> [What is being asked] Set down every entry exactly as given. Pictures are to be left out.
====== The input ======
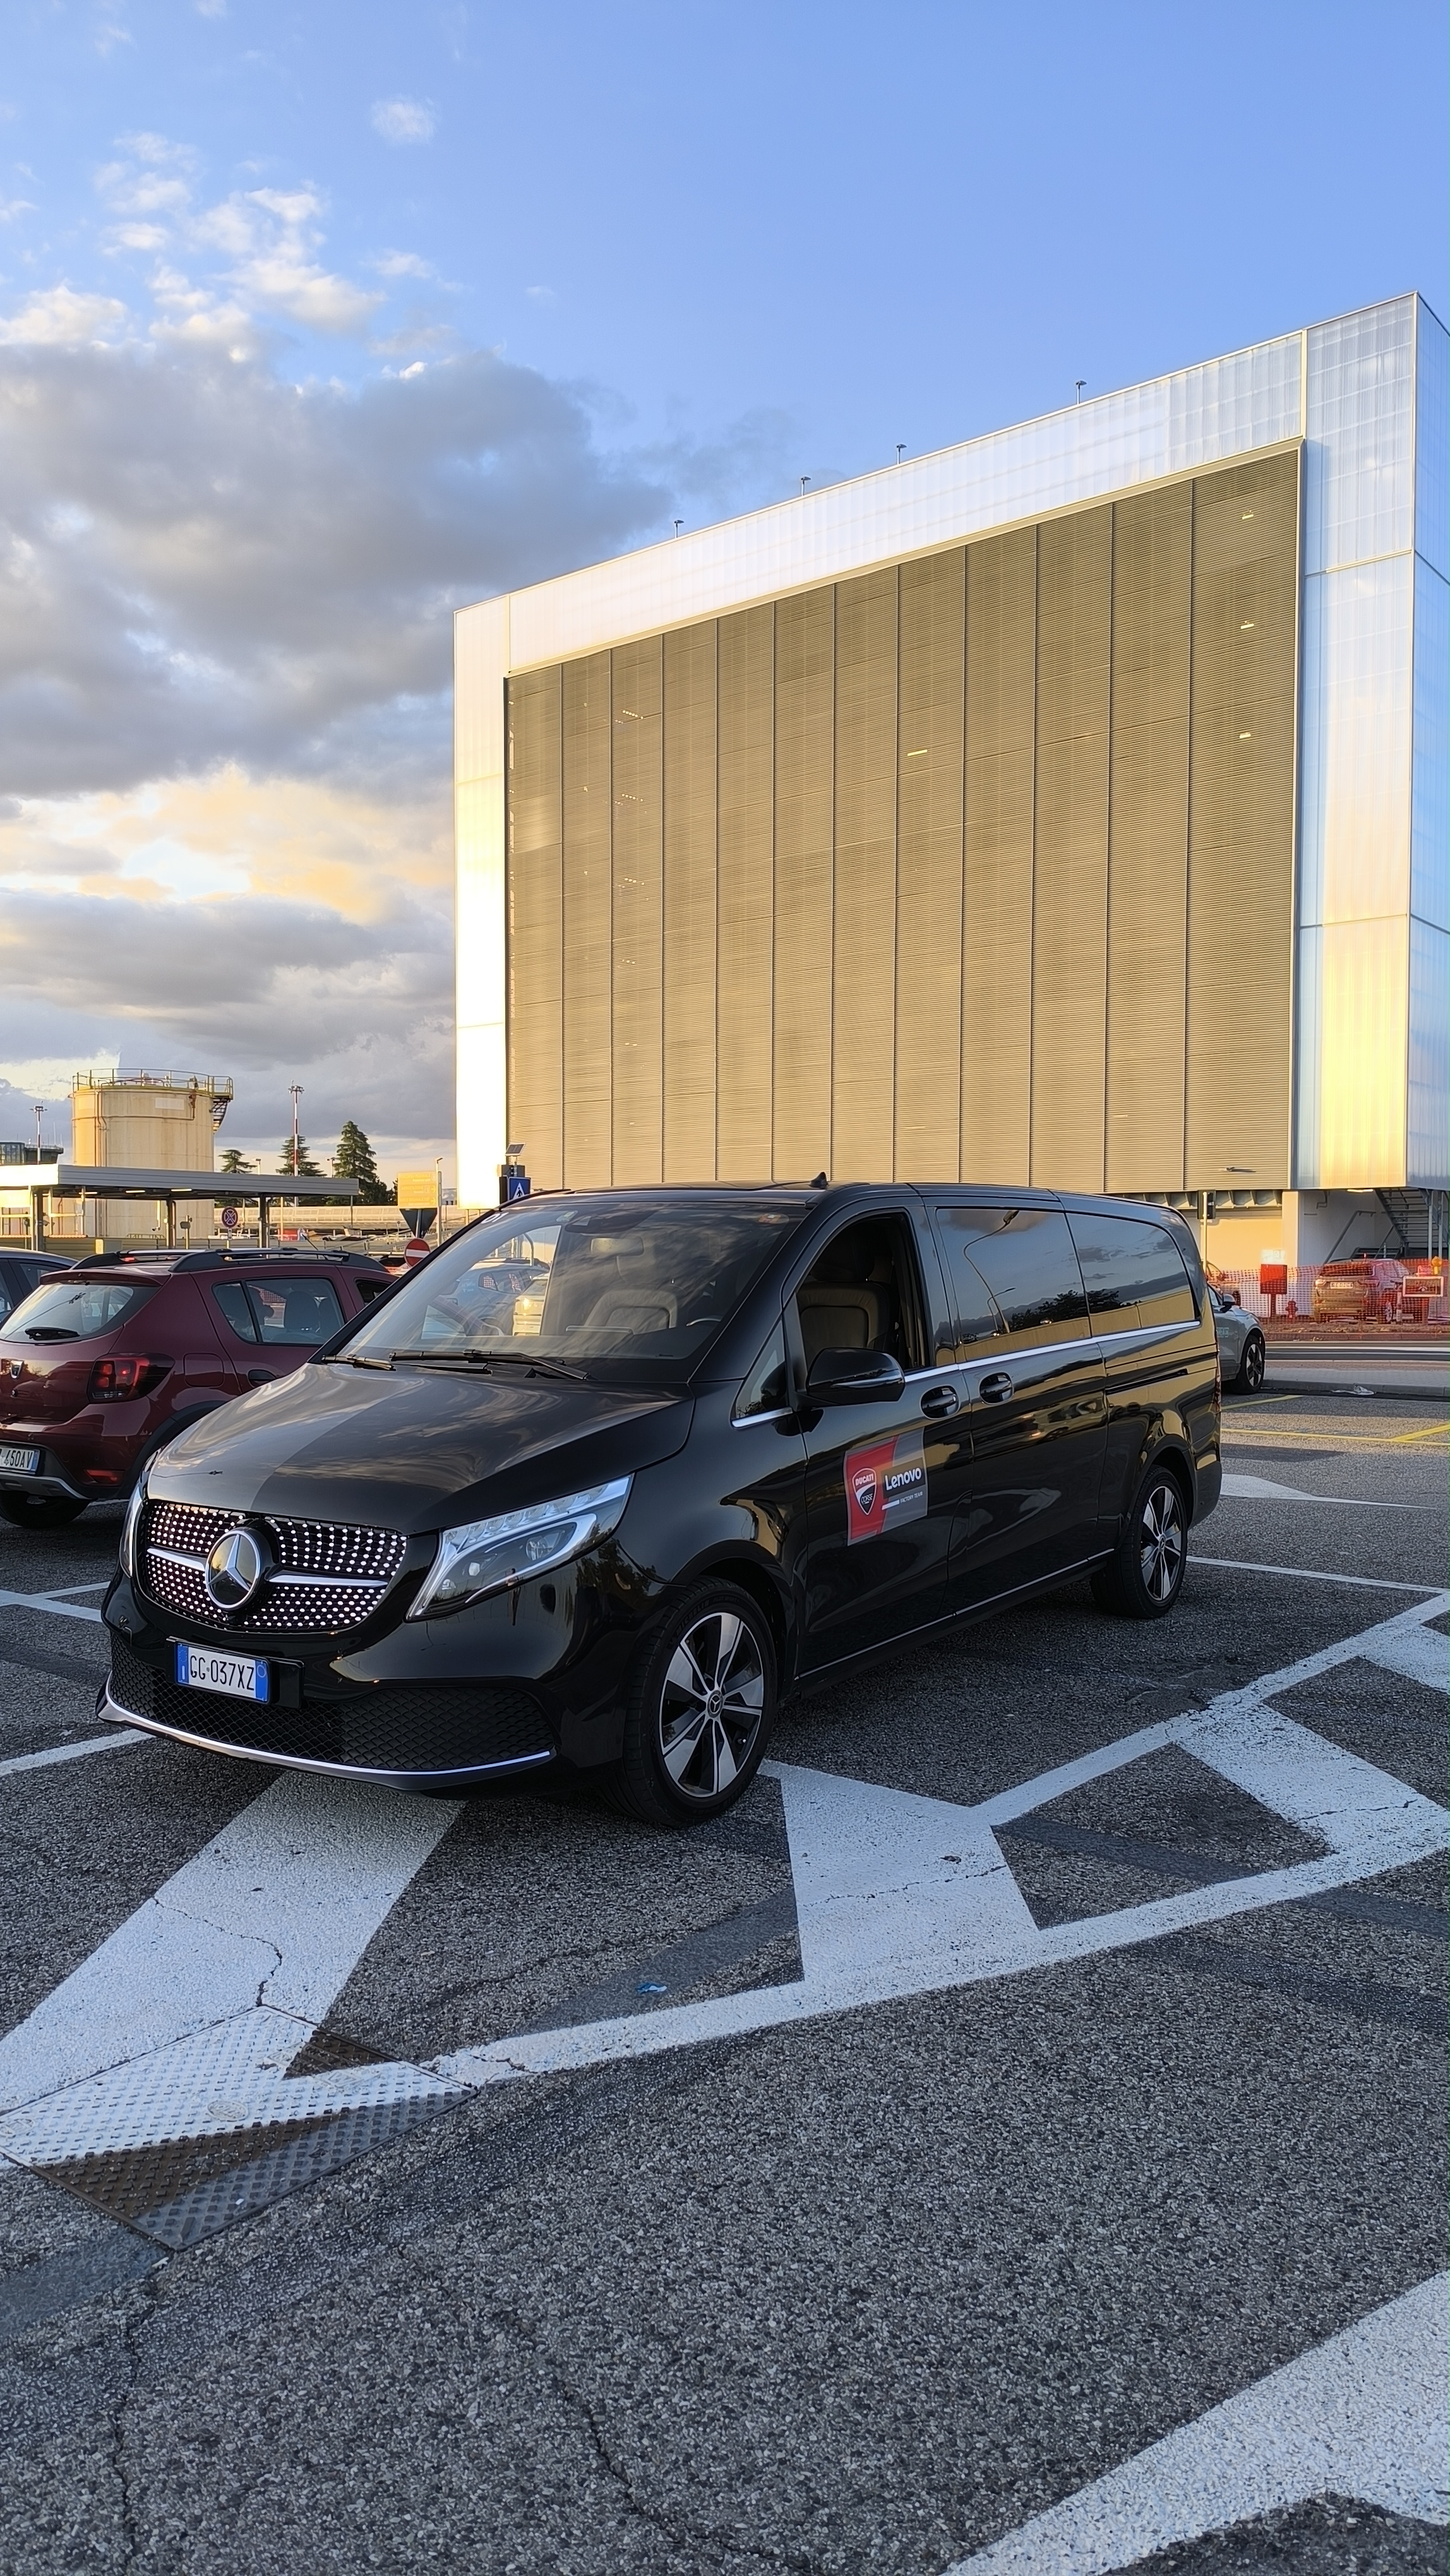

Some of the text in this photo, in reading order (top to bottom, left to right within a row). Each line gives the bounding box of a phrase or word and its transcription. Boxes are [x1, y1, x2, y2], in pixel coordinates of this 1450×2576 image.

[0, 1448, 33, 1469] 450AV
[855, 1473, 874, 1486] DUCATI
[885, 1467, 921, 1491] Lenovo
[861, 1493, 873, 1505] CORSE
[900, 1494, 913, 1504] FACTORY
======
> [Answer to this exercise]
Some of the text in this photo, in reading order (top to bottom, left to right within a row). Each line gives the bounding box of a phrase or word and its transcription. Boxes are [x1, y1, x2, y2], in pixel coordinates of this 1450×2576 image.

[0, 1448, 33, 1469] 450AV
[855, 1473, 874, 1486] DUCATI
[885, 1467, 921, 1491] Lenovo
[861, 1493, 873, 1505] CORSE
[900, 1494, 913, 1504] FACTORY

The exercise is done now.